TASK DIRECTIONS: All of the data below should be returned exactly.

DATA TO EXAMINE section start

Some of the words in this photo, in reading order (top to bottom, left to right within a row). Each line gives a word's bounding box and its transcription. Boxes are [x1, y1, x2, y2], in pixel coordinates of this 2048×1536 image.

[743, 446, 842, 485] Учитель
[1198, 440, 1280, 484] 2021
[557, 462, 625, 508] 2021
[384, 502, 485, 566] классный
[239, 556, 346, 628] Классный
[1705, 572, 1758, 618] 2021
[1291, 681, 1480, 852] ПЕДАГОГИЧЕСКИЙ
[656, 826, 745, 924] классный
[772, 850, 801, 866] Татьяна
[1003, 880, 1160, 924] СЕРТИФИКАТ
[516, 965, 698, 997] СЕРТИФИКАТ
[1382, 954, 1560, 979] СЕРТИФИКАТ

DATA TO EXAMINE section end

RESPONSE AREA:
Some of the words in this photo, in reading order (top to bottom, left to right within a row). Each line gives a word's bounding box and its transcription. Boxes are [x1, y1, x2, y2], in pixel coordinates of this 2048×1536 image.

[743, 446, 842, 485] Учитель
[1198, 440, 1280, 484] 2021
[557, 462, 625, 508] 2021
[384, 502, 485, 566] классный
[239, 556, 346, 628] Классный
[1705, 572, 1758, 618] 2021
[1291, 681, 1480, 852] ПЕДАГОГИЧЕСКИЙ
[656, 826, 745, 924] классный
[772, 850, 801, 866] Татьяна
[1003, 880, 1160, 924] СЕРТИФИКАТ
[516, 965, 698, 997] СЕРТИФИКАТ
[1382, 954, 1560, 979] СЕРТИФИКАТ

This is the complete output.